I’d like to think that there might be a better way to manage the valley without excluding anyone who really wants to see it, but I do realize this a big political problem.

But suppose there were another “almost-Yosemite” to start over with? I’m speaking of Hetchy-Hetchy, which is now filled with water as a reservoir for the Bay Area. Muir himself described Hetchy-Hetchy as another Yosemite. The defeat of the efforts to conserve Hetchy-Hetchy and the victory of pro-development water interests were a great early defeat for this country’s environmental movement.

The defeat at Hetchy-Hetchy helped fuel the rise of the Sierra Club, the National Park movement, and - following other defeats, notably Glen Canyon - a de facto moratorium on development in areas of scenic wonder.

There’s now talk of draining Hetchy-Hetchy and restoring it (for example, see the Yosemite Blog coverage). This may all be a dream, but it could happen. If it does, and if we can restore Hetchy-Hetchy, let’s make it a temple to the grandeur of nature, not (like Yosemite sometimes feels) a temple to tourism, autos, buses, and park concessionaires.

Please don’t take my Kodachrome away!

Tuesday, May 31st, 2005

This photo shows photographer Jay Maisel buried in Kodachrome slides around 1980. But Kodachrome is doomed. Kodachrome, the most permanent and colorful of color films is also very expensive to process.

An recent New York Times article covers the story of the end of Kodachrome in Super 8 format. (Processing will cease at the end of 2007.) Kodak still makes and processes Kodachrome in 16mm and 35mm formats, but the picture is clearly flickring on the wall.
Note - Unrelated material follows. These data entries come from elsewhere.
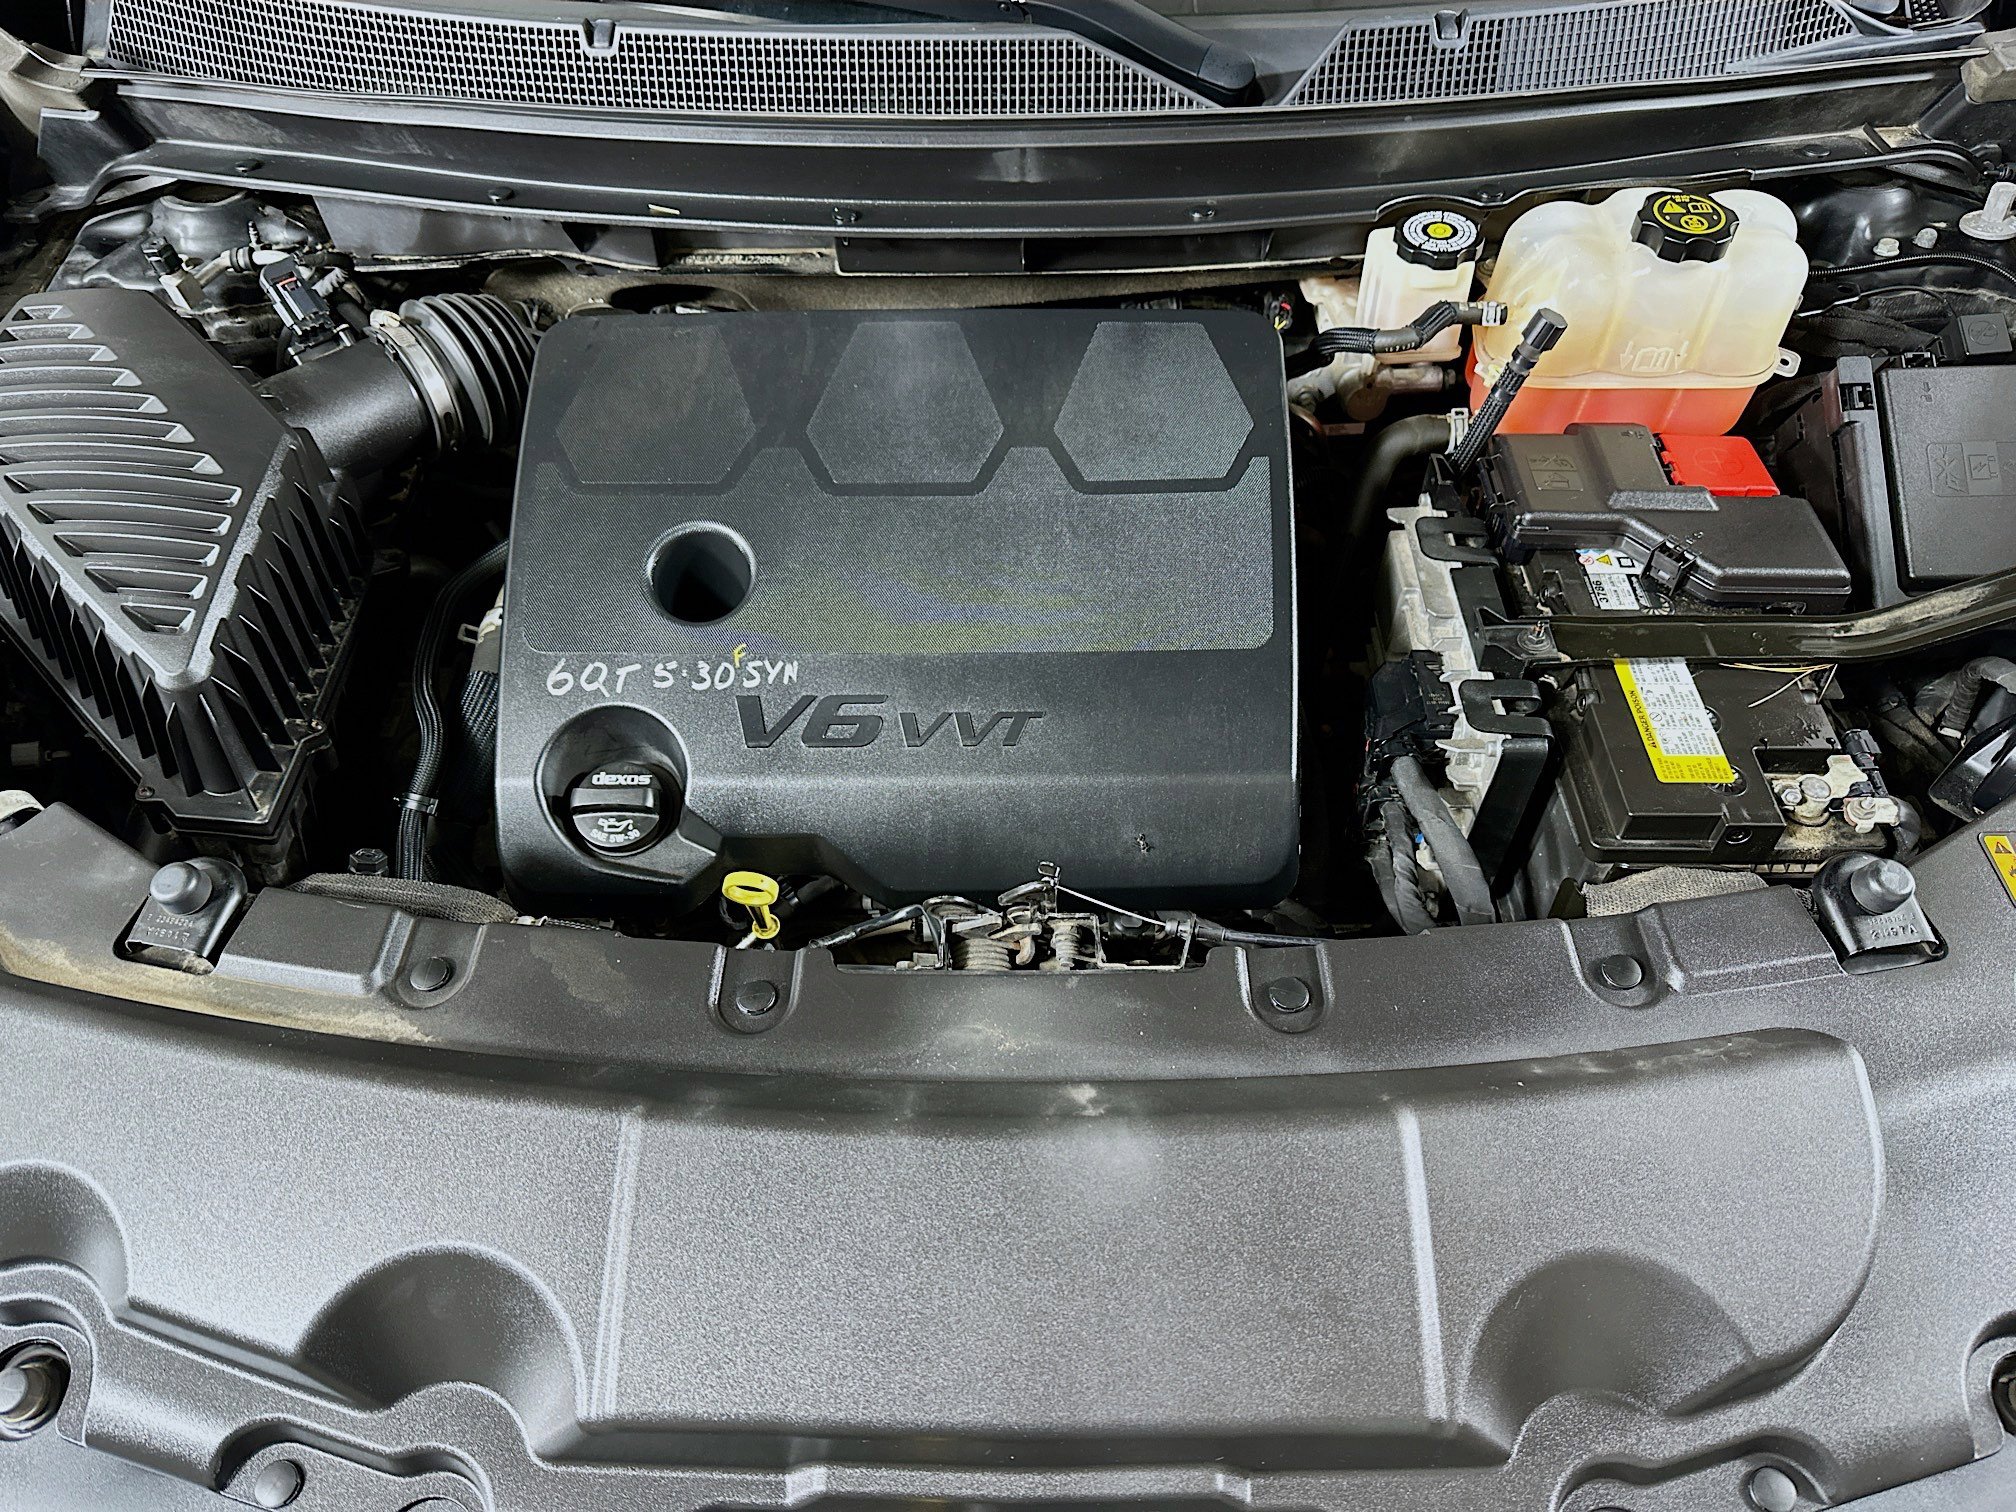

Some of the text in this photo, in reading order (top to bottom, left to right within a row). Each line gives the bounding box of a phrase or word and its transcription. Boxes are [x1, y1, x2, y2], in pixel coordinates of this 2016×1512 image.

[1592, 580, 1609, 603] 3786
[546, 657, 642, 697] 6QT
[742, 660, 799, 688] SYN
[735, 695, 1046, 748] V6 VVT
[1629, 690, 1655, 742] DANGER POISON
[591, 771, 653, 786] dexos
[589, 828, 641, 843] SAE 5W-30
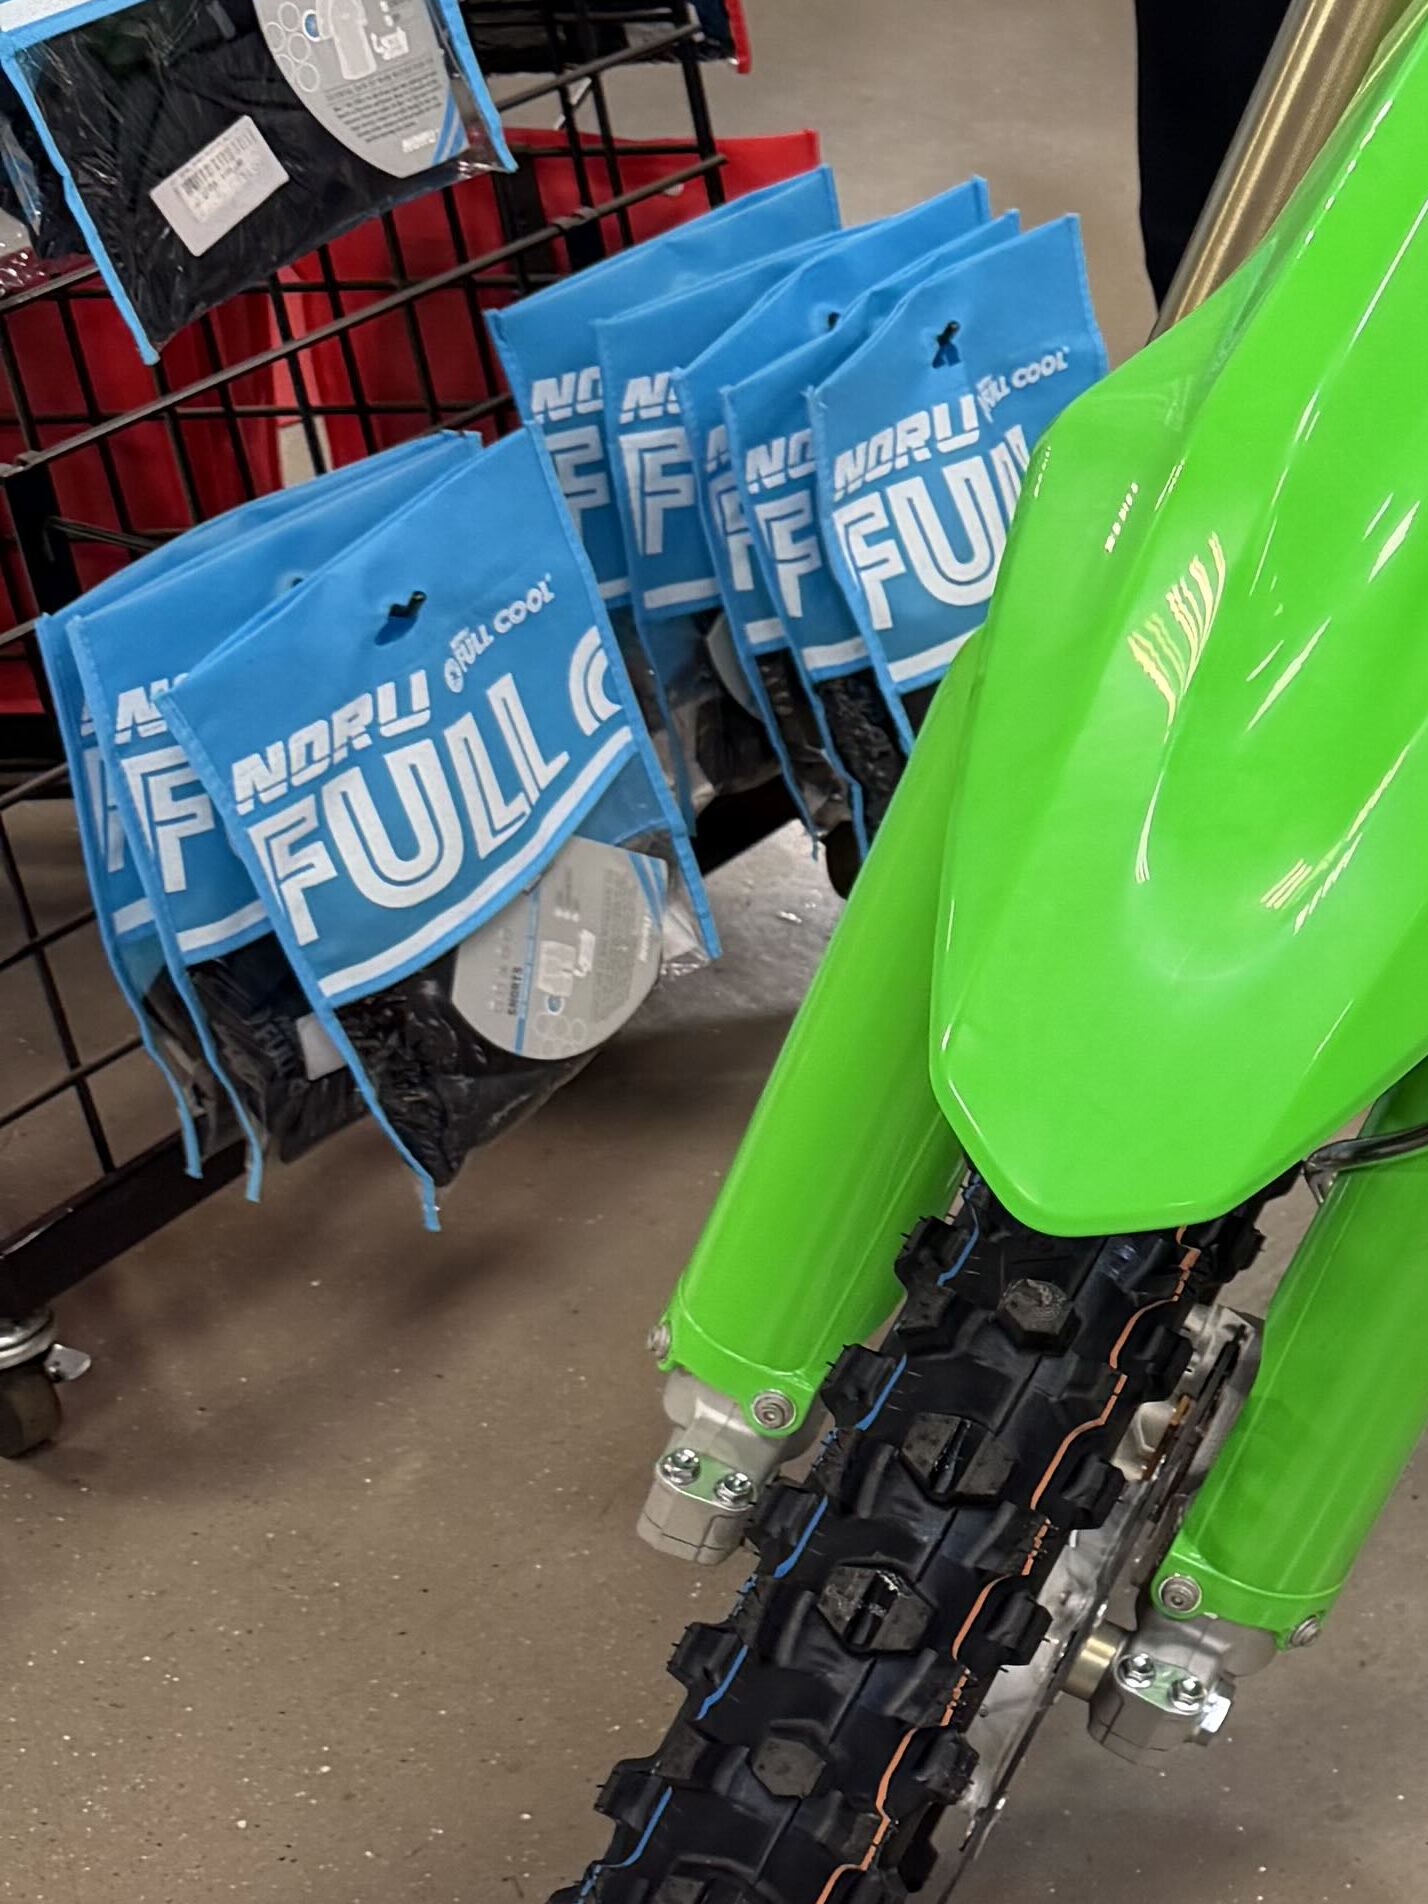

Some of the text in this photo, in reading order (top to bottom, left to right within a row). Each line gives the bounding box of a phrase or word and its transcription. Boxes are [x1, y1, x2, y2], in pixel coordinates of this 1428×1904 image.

[1012, 351, 1068, 388] COOL
[834, 393, 980, 502] NORU
[494, 581, 555, 633] COOL
[231, 668, 431, 815] NORU
[247, 673, 570, 946] FULL
Kodachrome will join all the other antique processes - tintypes, daguerotypes, cyanotypes, and so on - in the dustbin of technology history.

In the Times article, Kodak spokesperson Judy Doherty is quoted as saying that Super 8 Kodachrome fans can simply transfer their film onto digital “and achieve any kind of effect they want.”

Much as I love digital photography, this (of course) is simply not true. There are plenty of extremely cool things you can do with digital that you can’t do with film. But making your digitals imagery look like Kodachrome is not easily one of them.

Generally, it’s no good being nostalgic for the era of film anymore than it makes sense for motorists to waste over the glory days of horse transport. Digital is here to stay, and film is going away.

Meanwhile, a major battle is shaping up for the hearts and minds of digital snapshooters. Where do they print these pictures? Do they use an online service (Snapfly, Shutterfish, or Kodak), go to Costco, or buy a home printer. I think the home photo printer comes out ahead slightly just on convenience. But the real winner is digital to digital: mostly I want to put my digital photos up on Flickr and share them digitally. To heck with having these bits and pieces of papers and prints around! So yesterday! So horse and buggy. When someone finally comes up with a decent wireless photo album that synchs with services like Flickr then the companies offering photo processing and photo printers can finally die (as they ought to).